> [BRIEF] Go through the data below and copy it exactly, skipping every picture.

*** EXTRACTED ENTRIES ***

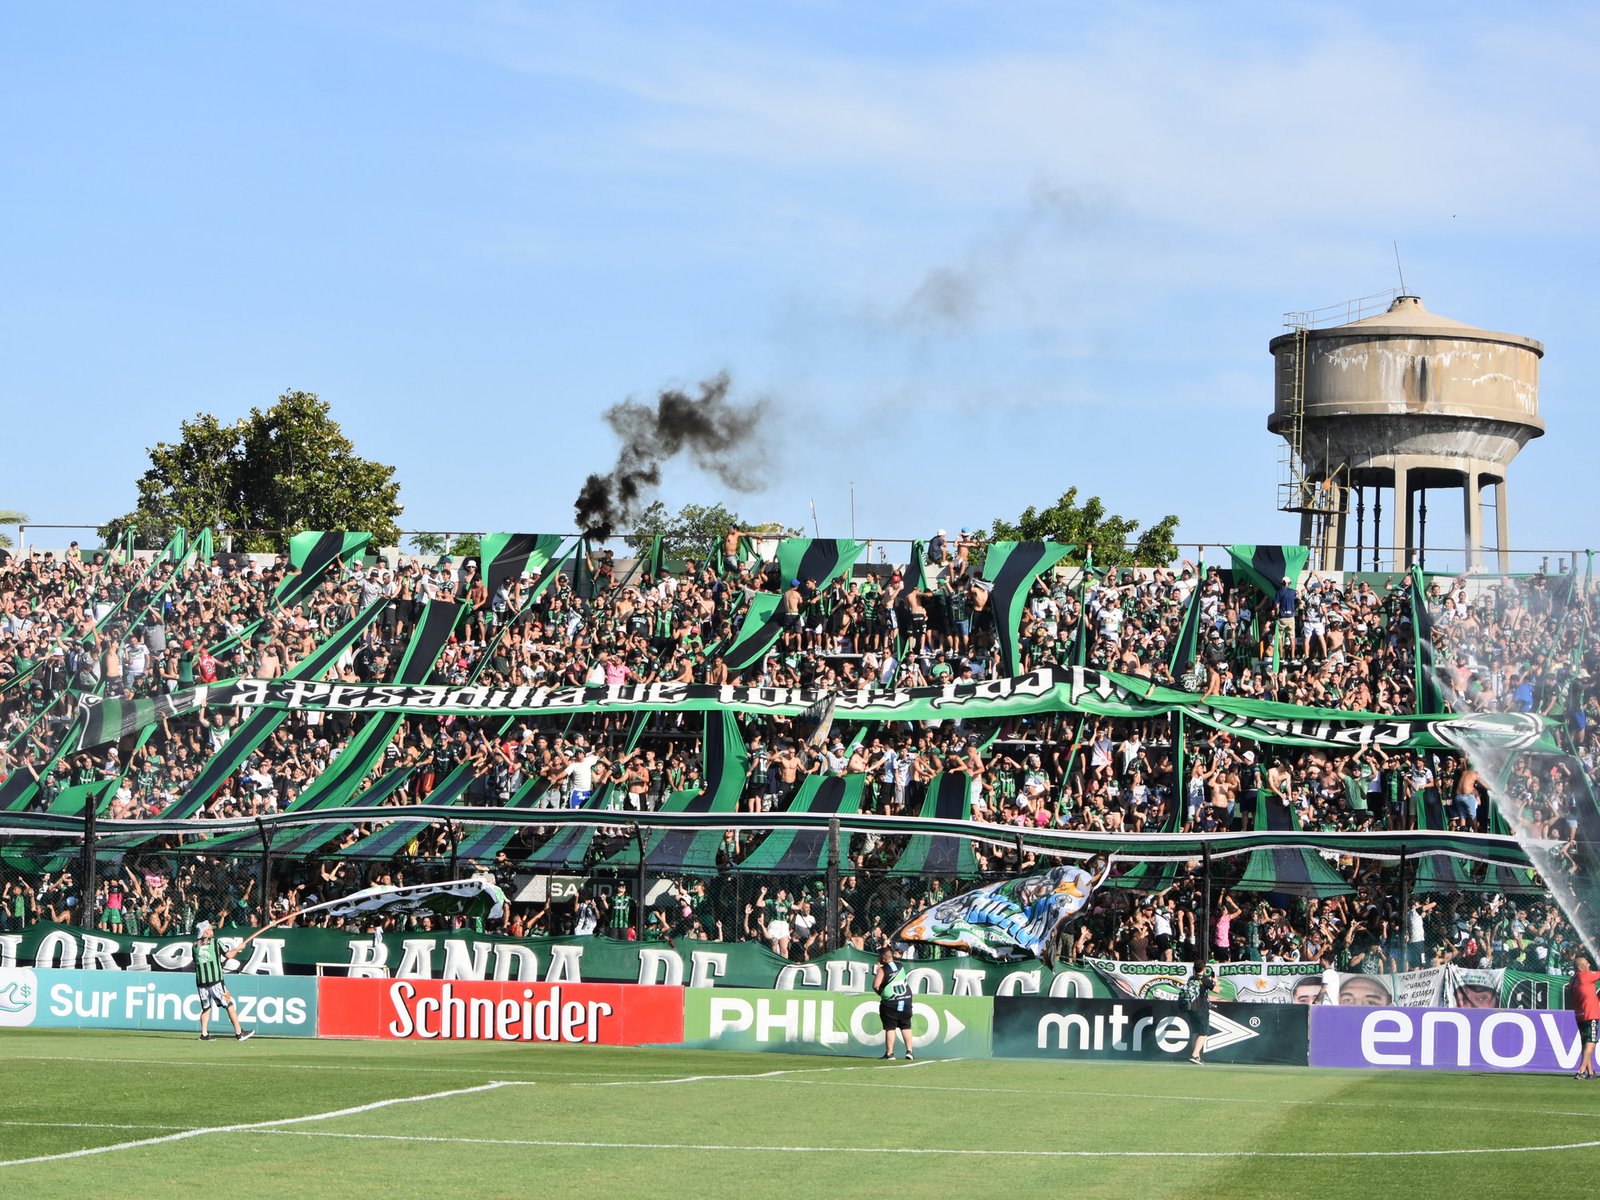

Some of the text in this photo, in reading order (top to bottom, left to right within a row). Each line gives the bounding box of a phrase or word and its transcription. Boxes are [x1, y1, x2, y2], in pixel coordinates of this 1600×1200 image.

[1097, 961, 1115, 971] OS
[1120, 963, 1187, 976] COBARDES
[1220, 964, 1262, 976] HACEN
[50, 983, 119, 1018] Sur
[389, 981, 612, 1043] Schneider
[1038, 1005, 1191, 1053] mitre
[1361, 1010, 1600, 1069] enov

*** End of EXTRACTED ENTRIES ***

> [RESPONSE TO THE TASK]
Some of the text in this photo, in reading order (top to bottom, left to right within a row). Each line gives the bounding box of a phrase or word and its transcription. Boxes are [x1, y1, x2, y2], in pixel coordinates of this 1600×1200 image.

[1097, 961, 1115, 971] OS
[1120, 963, 1187, 976] COBARDES
[1220, 964, 1262, 976] HACEN
[50, 983, 119, 1018] Sur
[389, 981, 612, 1043] Schneider
[1038, 1005, 1191, 1053] mitre
[1361, 1010, 1600, 1069] enov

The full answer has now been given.